> _Data listing_:
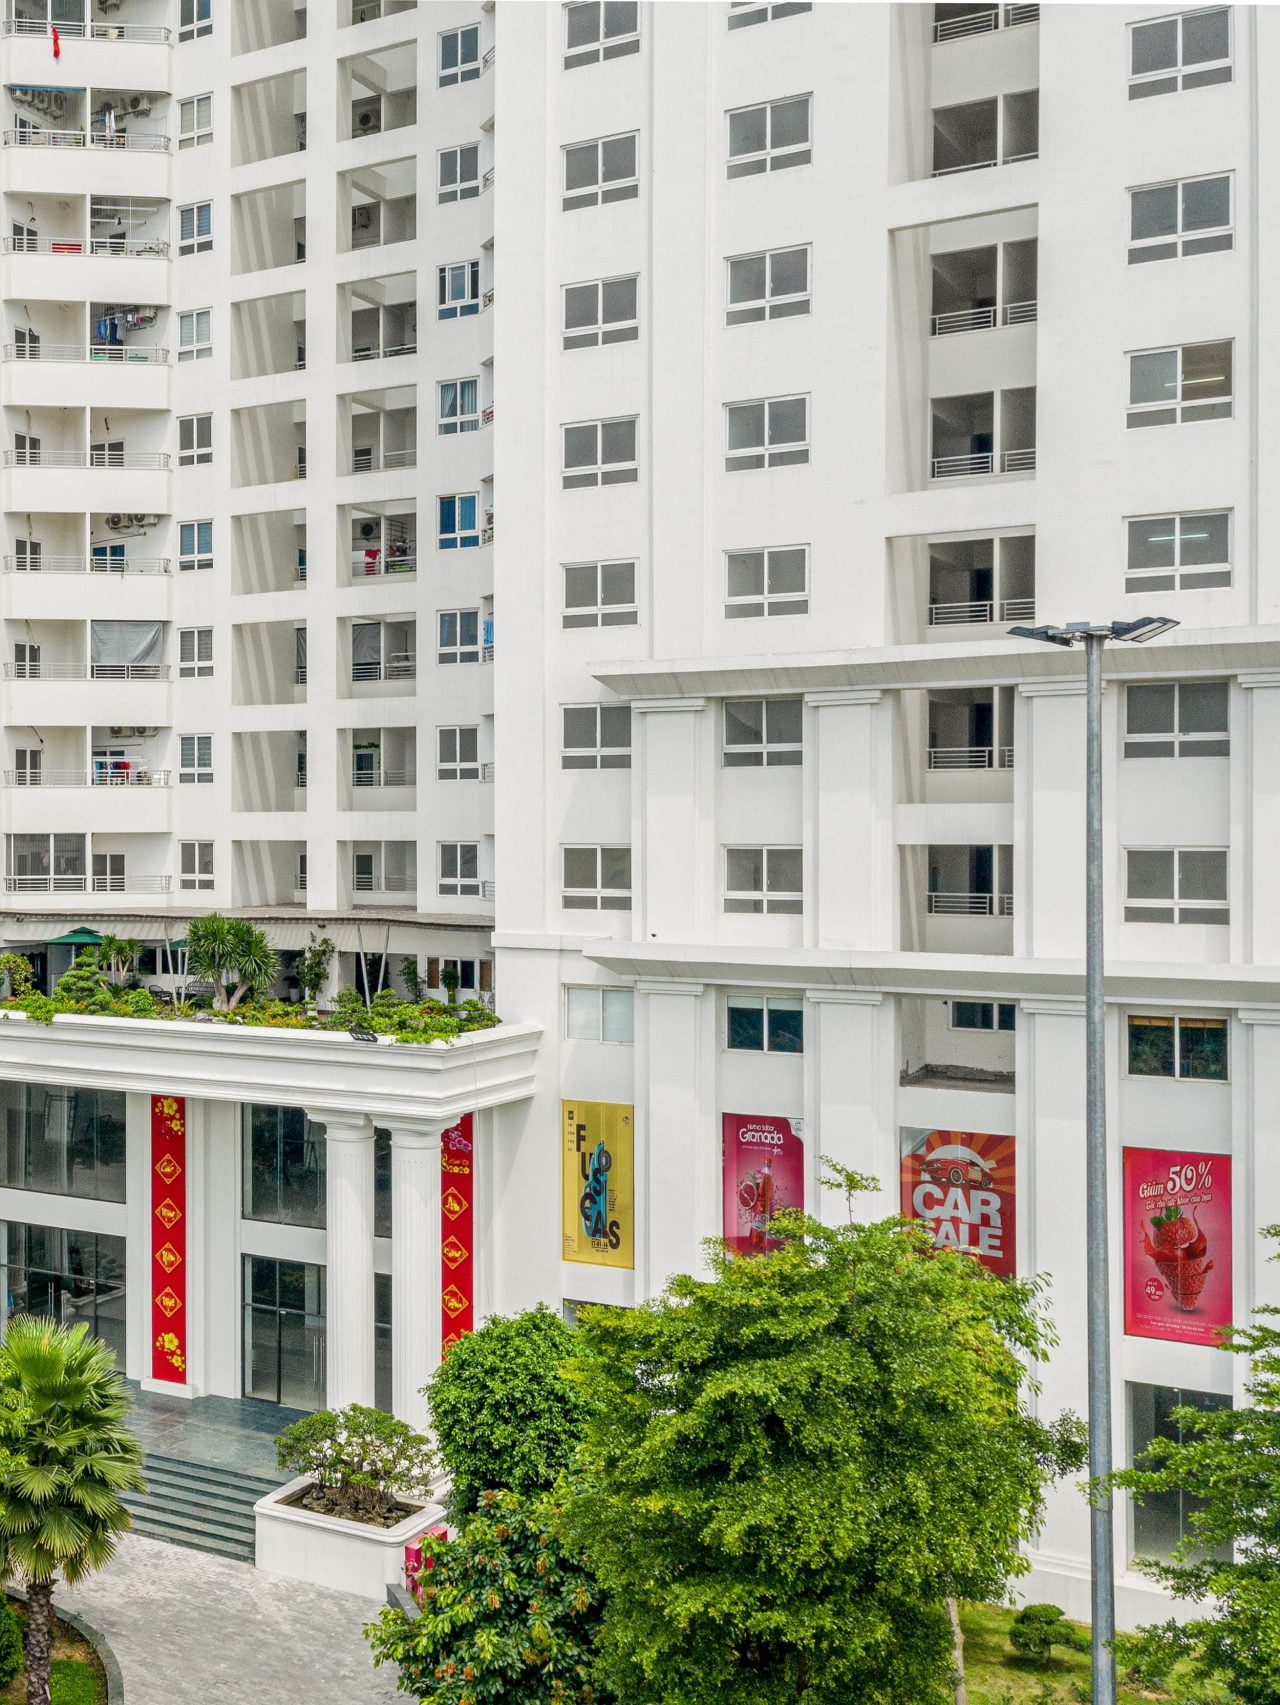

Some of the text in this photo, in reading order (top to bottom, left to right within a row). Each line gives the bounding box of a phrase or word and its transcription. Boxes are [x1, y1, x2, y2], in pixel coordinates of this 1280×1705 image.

[739, 1128, 784, 1145] Granada
[1167, 1161, 1212, 1194] 50%
[912, 1183, 1002, 1228] CAR
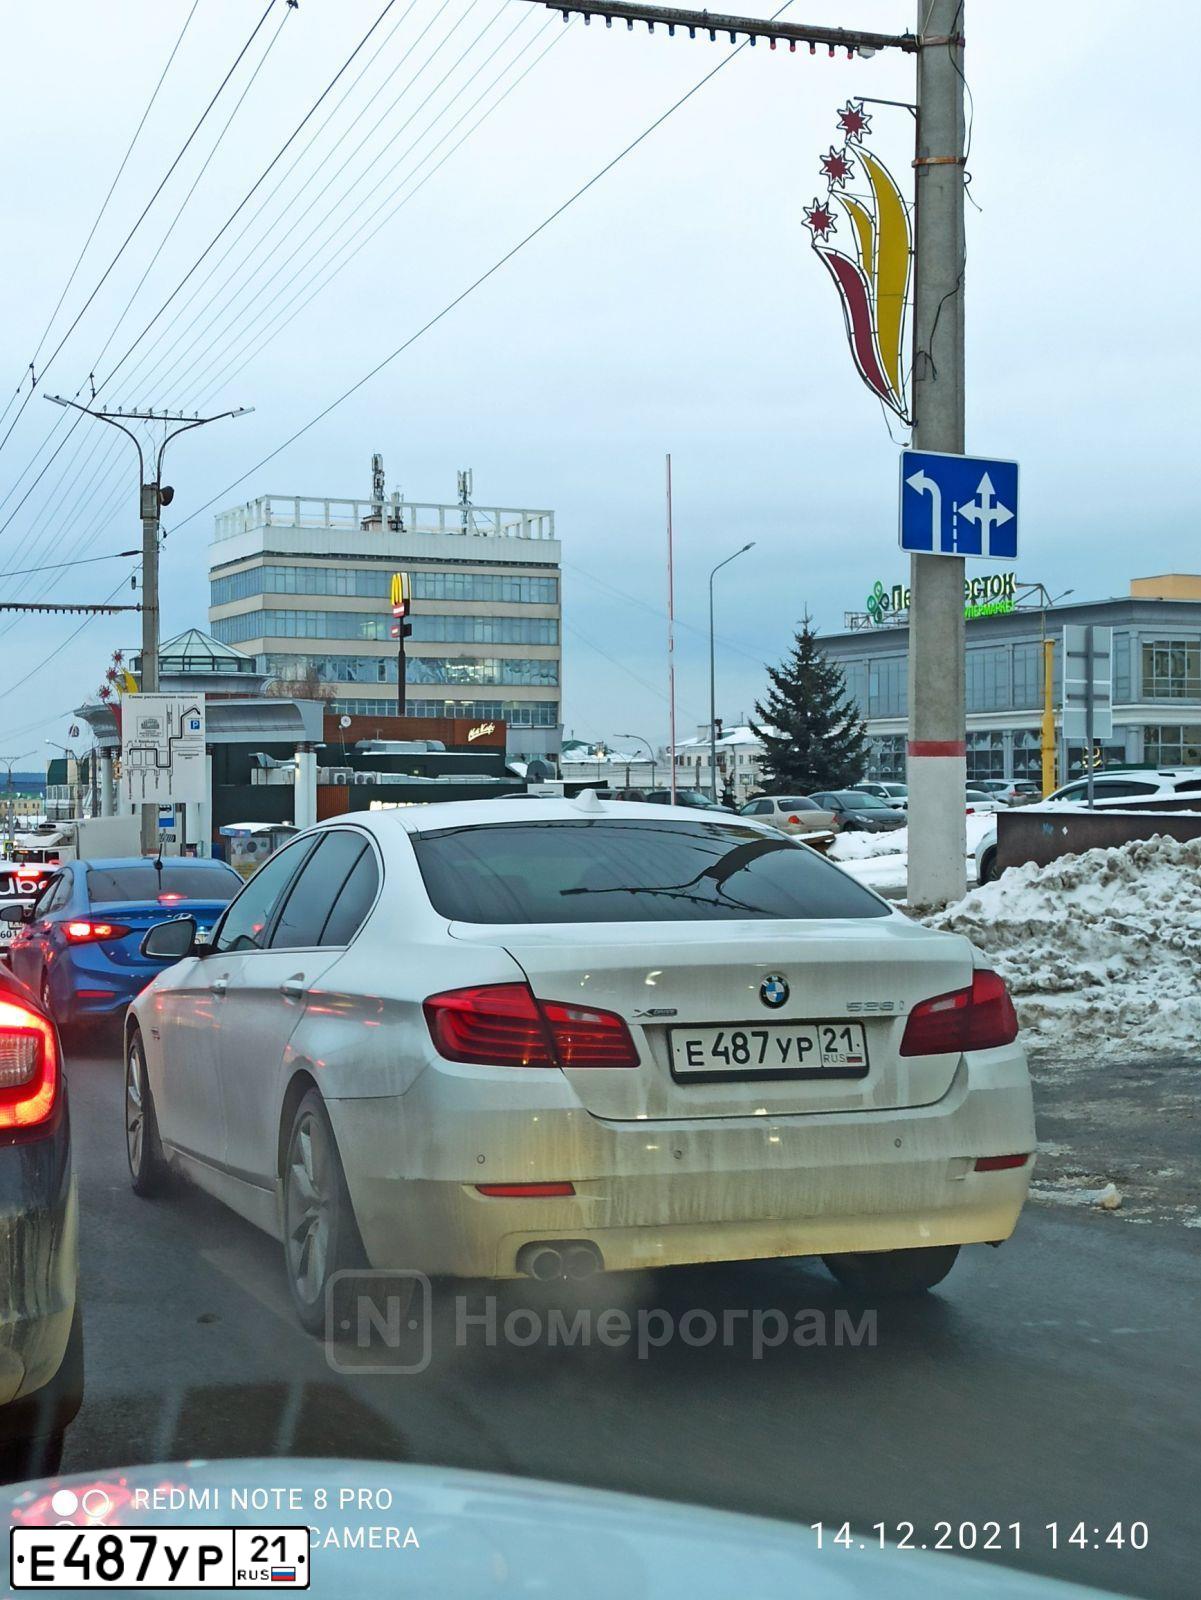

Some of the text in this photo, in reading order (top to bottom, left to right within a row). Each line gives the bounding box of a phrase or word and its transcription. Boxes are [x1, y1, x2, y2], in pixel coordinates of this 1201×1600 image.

> _Exercise brief_: All entries above must be duplicated exactly; please omit any picture they hold.

> _Reply_:
Some of the text in this photo, in reading order (top to bottom, left to right within a row). Each line gives the bounding box of a phrase or word and its transcription. Boxes are [x1, y1, x2, y2], in pixel coordinates of this 1280×1705 image.

[739, 1128, 784, 1145] Granada
[1167, 1161, 1212, 1194] 50%
[912, 1183, 1002, 1228] CAR

Some of the text in this photo, in reading order (top to bottom, left to right within a row). Each line gives the bounding box of a phrase or word and its transcription. Boxes are [x1, y1, x2, y2], in pixel coordinates of this 1201×1600 image.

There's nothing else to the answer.